Sizing runs large, especially in outerwear and knitwear. The house likes volume, and that's baked into the patterns. If you're between sizes, go down. If you prefer a closer fit, go down twice and expect it to still read as oversized. The runway looks are styled loose; the retail floor will try to sell you your usual size. Trust your instincts.

Fabrics tend to be good — not exceptional, but reliably solid. Wool coats hold their shape. Leather jackets soften without sagging. Denim fades the way raw denim should, slowly and with character. The knitwear pills less than you'd expect at this price point, though it's not immune. You're paying for design and cut more than for hand-finished details or heritage mills, and that's fine as long as you know it going in.

Prices sit in the contemporary-to-accessible-luxury range. A cotton poplin shirt runs around €250. Trousers land between €300 and €450. Outerwear starts at €800 for a wool coat and climbs past €2,000 for shearling or leather. Bags range from €650 for small leather goods to €1,600 for the larger Musubi. It's not entry-level, but it's not Celine either. You're paying for a specific point of view, not for a logo that does the work for you.

The house does sales, twice a year, and the discounts are real — 30 to 50 per cent, sometimes deeper on past-season colours. If you're patient and your size is common, you can wait. If you're after a core piece in black or grey, it'll sell through before it hits markdown.

Où elle se tient maintenant

Acne sits in an odd position. It's too established to feel like a discovery, but it's not quite a household name outside of fashion-adjacent circles. It doesn't have the handbag-driven recognition of Bottega or the logo leverage of Balenciaga. What it has is a consistent aesthetic and a loyal customer base that buys across categories — denim, outerwear, knitwear, bags, boots — because the pieces work together without trying too hard.
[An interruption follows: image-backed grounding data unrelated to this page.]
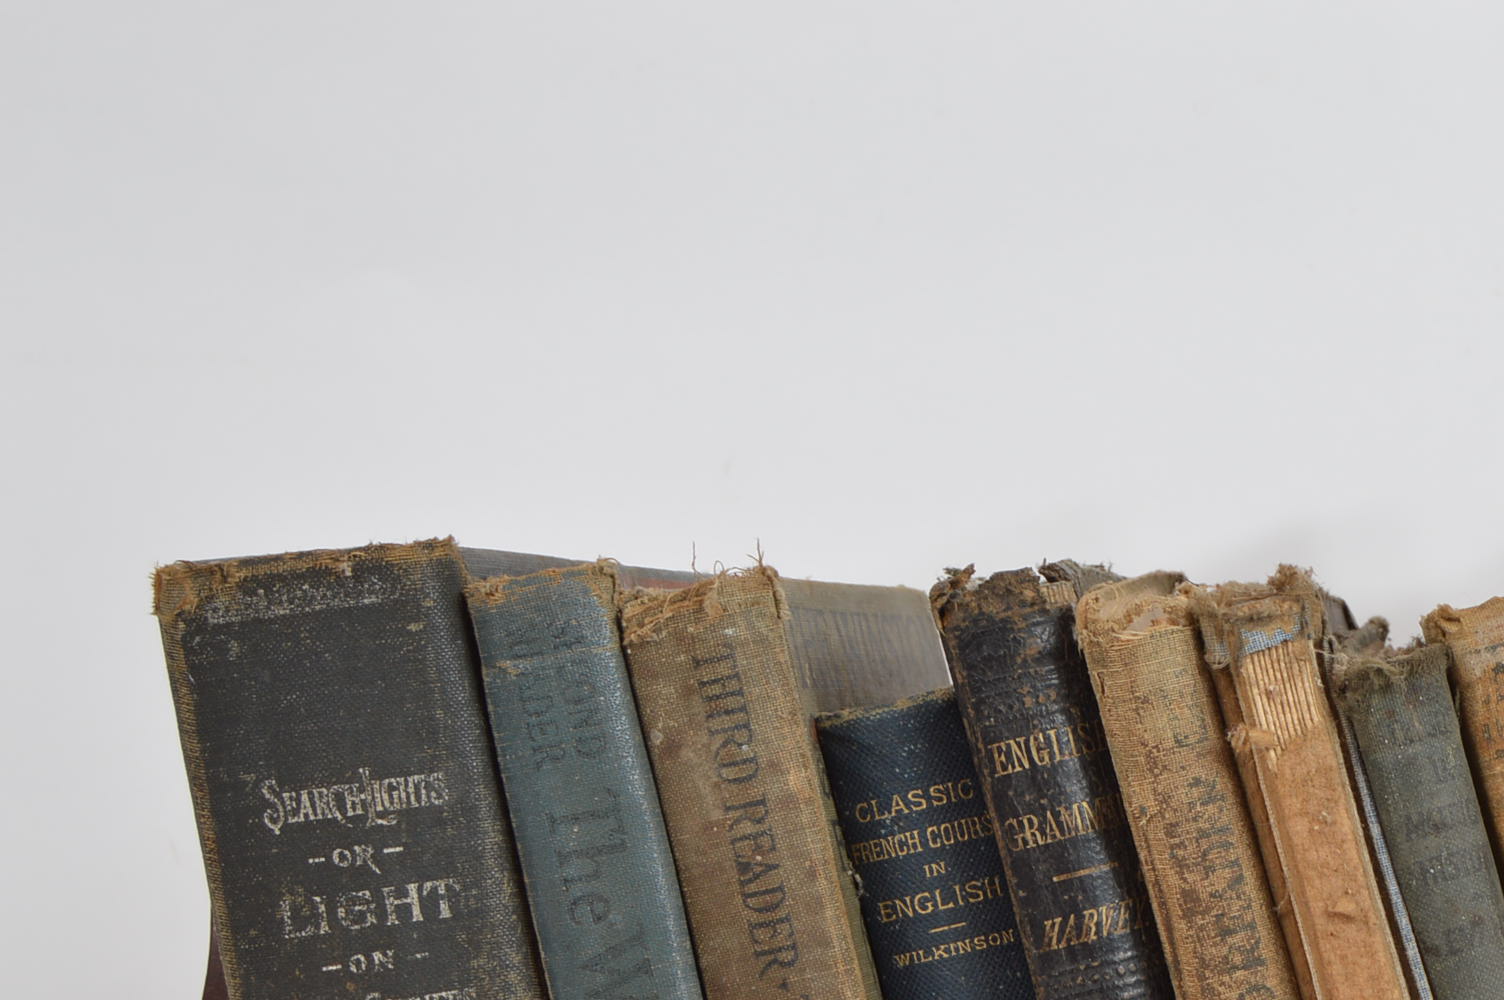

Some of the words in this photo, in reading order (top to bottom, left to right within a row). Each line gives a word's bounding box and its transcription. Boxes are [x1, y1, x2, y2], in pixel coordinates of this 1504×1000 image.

[693, 647, 758, 786] THIRD
[855, 779, 973, 822] CLASSIC
[332, 845, 381, 874] OR
[545, 791, 627, 927] The
[851, 831, 923, 865] FRENCH
[923, 861, 947, 877] IN
[723, 795, 798, 975] READER
[878, 876, 1001, 923] ENGLISH
[281, 877, 462, 940] LIGHT
[895, 929, 1014, 967] WILKINSON
The brand isn't chasing virality. It doesn't drop capsules with streetwear collaborators or court influencers in any obvious way. The runway shows are attended, the pieces are photographed, and the clothes end up in wardrobes where they stay for years. It's a slower burn, and in an industry that rewards noise, that's either a weakness or a strength depending on what you value.

If you're looking for an entry point, go to a store. Acne photographs well, but it's better in person — the weight of the wool, the hand of the leather, the way an oversized sleeve changes the line of your shoulder. Try the Canada scarf in charcoal or rust. Try the Jensen boot in black leather. Try a Musubi in smooth calf and see if the knot sits where your hand expects it to. If it does, you've found your way in. If it doesn't, that's fine too. Not every house is for everyone, and Acne has never pretended otherwise.